WHAT YOU WILL DO>
Every line of the data must appear again in the answer, exactly as written.

====== DATASET CONTENT ======

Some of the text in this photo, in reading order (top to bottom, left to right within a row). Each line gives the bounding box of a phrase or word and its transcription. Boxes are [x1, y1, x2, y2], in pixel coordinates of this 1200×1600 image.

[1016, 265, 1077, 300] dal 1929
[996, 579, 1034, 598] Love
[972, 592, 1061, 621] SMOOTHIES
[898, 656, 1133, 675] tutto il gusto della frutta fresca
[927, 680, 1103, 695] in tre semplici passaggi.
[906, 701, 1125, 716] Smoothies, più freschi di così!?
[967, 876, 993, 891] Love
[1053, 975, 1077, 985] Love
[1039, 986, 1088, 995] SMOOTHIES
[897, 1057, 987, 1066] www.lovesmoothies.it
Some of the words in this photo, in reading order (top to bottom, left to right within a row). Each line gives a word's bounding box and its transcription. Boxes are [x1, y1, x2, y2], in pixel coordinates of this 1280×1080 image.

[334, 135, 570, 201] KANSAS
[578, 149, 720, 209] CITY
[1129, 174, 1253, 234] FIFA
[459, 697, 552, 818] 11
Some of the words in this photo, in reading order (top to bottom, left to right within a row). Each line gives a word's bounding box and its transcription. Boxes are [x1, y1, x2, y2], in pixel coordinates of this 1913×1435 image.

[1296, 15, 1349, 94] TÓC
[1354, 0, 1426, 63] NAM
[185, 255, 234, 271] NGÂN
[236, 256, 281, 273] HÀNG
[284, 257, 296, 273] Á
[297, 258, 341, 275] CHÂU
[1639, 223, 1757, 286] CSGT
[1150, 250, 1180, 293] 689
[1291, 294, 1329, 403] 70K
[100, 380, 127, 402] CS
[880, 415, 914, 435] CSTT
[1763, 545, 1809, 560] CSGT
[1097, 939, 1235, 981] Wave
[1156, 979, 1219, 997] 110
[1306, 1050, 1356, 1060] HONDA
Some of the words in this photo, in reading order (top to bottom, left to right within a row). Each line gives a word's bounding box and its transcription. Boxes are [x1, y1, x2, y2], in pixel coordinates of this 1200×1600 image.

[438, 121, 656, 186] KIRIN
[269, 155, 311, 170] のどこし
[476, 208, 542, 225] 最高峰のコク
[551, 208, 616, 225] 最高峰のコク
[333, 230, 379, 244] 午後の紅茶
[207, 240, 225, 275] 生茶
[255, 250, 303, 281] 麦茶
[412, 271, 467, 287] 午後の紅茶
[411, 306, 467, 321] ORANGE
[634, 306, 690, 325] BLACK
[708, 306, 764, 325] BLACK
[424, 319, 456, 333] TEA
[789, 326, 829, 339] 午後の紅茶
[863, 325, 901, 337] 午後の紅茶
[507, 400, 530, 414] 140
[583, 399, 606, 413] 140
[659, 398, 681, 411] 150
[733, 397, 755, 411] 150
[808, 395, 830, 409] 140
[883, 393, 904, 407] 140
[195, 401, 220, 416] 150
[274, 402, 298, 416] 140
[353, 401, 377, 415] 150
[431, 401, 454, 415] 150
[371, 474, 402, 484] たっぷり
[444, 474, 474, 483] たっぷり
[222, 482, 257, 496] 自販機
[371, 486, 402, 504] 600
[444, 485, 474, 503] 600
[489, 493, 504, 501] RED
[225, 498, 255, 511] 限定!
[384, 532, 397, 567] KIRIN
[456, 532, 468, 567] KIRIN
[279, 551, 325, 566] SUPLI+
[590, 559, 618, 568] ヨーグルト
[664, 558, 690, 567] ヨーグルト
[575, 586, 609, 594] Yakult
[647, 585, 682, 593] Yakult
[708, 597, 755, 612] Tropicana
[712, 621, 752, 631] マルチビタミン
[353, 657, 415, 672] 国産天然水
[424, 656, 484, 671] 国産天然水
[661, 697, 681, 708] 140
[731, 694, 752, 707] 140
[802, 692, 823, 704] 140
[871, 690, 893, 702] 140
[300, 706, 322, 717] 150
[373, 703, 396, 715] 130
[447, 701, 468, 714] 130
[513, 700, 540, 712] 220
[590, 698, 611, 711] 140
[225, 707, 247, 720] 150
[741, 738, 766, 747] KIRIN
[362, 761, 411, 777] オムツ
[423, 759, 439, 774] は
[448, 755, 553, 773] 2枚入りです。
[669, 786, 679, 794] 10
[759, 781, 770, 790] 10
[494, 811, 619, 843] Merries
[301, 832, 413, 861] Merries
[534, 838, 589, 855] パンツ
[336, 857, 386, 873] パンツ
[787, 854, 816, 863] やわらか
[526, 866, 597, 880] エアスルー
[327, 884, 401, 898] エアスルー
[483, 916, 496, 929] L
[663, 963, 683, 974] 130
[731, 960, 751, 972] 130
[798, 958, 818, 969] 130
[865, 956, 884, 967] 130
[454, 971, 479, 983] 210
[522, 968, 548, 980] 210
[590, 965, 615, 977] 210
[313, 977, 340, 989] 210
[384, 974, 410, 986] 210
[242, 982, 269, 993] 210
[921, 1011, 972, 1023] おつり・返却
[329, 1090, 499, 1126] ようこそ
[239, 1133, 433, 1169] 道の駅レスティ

======

SOLUTION TO THE EXERCISE>
Some of the text in this photo, in reading order (top to bottom, left to right within a row). Each line gives the bounding box of a phrase or word and its transcription. Boxes are [x1, y1, x2, y2], in pixel coordinates of this 1200×1600 image.

[1016, 265, 1077, 300] dal 1929
[996, 579, 1034, 598] Love
[972, 592, 1061, 621] SMOOTHIES
[898, 656, 1133, 675] tutto il gusto della frutta fresca
[927, 680, 1103, 695] in tre semplici passaggi.
[906, 701, 1125, 716] Smoothies, più freschi di così!?
[967, 876, 993, 891] Love
[1053, 975, 1077, 985] Love
[1039, 986, 1088, 995] SMOOTHIES
[897, 1057, 987, 1066] www.lovesmoothies.it
Some of the words in this photo, in reading order (top to bottom, left to right within a row). Each line gives a word's bounding box and its transcription. Boxes are [x1, y1, x2, y2], in pixel coordinates of this 1280×1080 image.

[334, 135, 570, 201] KANSAS
[578, 149, 720, 209] CITY
[1129, 174, 1253, 234] FIFA
[459, 697, 552, 818] 11
Some of the words in this photo, in reading order (top to bottom, left to right within a row). Each line gives a word's bounding box and its transcription. Boxes are [x1, y1, x2, y2], in pixel coordinates of this 1913×1435 image.

[1296, 15, 1349, 94] TÓC
[1354, 0, 1426, 63] NAM
[185, 255, 234, 271] NGÂN
[236, 256, 281, 273] HÀNG
[284, 257, 296, 273] Á
[297, 258, 341, 275] CHÂU
[1639, 223, 1757, 286] CSGT
[1150, 250, 1180, 293] 689
[1291, 294, 1329, 403] 70K
[100, 380, 127, 402] CS
[880, 415, 914, 435] CSTT
[1763, 545, 1809, 560] CSGT
[1097, 939, 1235, 981] Wave
[1156, 979, 1219, 997] 110
[1306, 1050, 1356, 1060] HONDA
Some of the words in this photo, in reading order (top to bottom, left to right within a row). Each line gives a word's bounding box and its transcription. Boxes are [x1, y1, x2, y2], in pixel coordinates of this 1200×1600 image.

[438, 121, 656, 186] KIRIN
[269, 155, 311, 170] のどこし
[476, 208, 542, 225] 最高峰のコク
[551, 208, 616, 225] 最高峰のコク
[333, 230, 379, 244] 午後の紅茶
[207, 240, 225, 275] 生茶
[255, 250, 303, 281] 麦茶
[412, 271, 467, 287] 午後の紅茶
[411, 306, 467, 321] ORANGE
[634, 306, 690, 325] BLACK
[708, 306, 764, 325] BLACK
[424, 319, 456, 333] TEA
[789, 326, 829, 339] 午後の紅茶
[863, 325, 901, 337] 午後の紅茶
[507, 400, 530, 414] 140
[583, 399, 606, 413] 140
[659, 398, 681, 411] 150
[733, 397, 755, 411] 150
[808, 395, 830, 409] 140
[883, 393, 904, 407] 140
[195, 401, 220, 416] 150
[274, 402, 298, 416] 140
[353, 401, 377, 415] 150
[431, 401, 454, 415] 150
[371, 474, 402, 484] たっぷり
[444, 474, 474, 483] たっぷり
[222, 482, 257, 496] 自販機
[371, 486, 402, 504] 600
[444, 485, 474, 503] 600
[489, 493, 504, 501] RED
[225, 498, 255, 511] 限定!
[384, 532, 397, 567] KIRIN
[456, 532, 468, 567] KIRIN
[279, 551, 325, 566] SUPLI+
[590, 559, 618, 568] ヨーグルト
[664, 558, 690, 567] ヨーグルト
[575, 586, 609, 594] Yakult
[647, 585, 682, 593] Yakult
[708, 597, 755, 612] Tropicana
[712, 621, 752, 631] マルチビタミン
[353, 657, 415, 672] 国産天然水
[424, 656, 484, 671] 国産天然水
[661, 697, 681, 708] 140
[731, 694, 752, 707] 140
[802, 692, 823, 704] 140
[871, 690, 893, 702] 140
[300, 706, 322, 717] 150
[373, 703, 396, 715] 130
[447, 701, 468, 714] 130
[513, 700, 540, 712] 220
[590, 698, 611, 711] 140
[225, 707, 247, 720] 150
[741, 738, 766, 747] KIRIN
[362, 761, 411, 777] オムツ
[423, 759, 439, 774] は
[448, 755, 553, 773] 2枚入りです。
[669, 786, 679, 794] 10
[759, 781, 770, 790] 10
[494, 811, 619, 843] Merries
[301, 832, 413, 861] Merries
[534, 838, 589, 855] パンツ
[336, 857, 386, 873] パンツ
[787, 854, 816, 863] やわらか
[526, 866, 597, 880] エアスルー
[327, 884, 401, 898] エアスルー
[483, 916, 496, 929] L
[663, 963, 683, 974] 130
[731, 960, 751, 972] 130
[798, 958, 818, 969] 130
[865, 956, 884, 967] 130
[454, 971, 479, 983] 210
[522, 968, 548, 980] 210
[590, 965, 615, 977] 210
[313, 977, 340, 989] 210
[384, 974, 410, 986] 210
[242, 982, 269, 993] 210
[921, 1011, 972, 1023] おつり・返却
[329, 1090, 499, 1126] ようこそ
[239, 1133, 433, 1169] 道の駅レスティ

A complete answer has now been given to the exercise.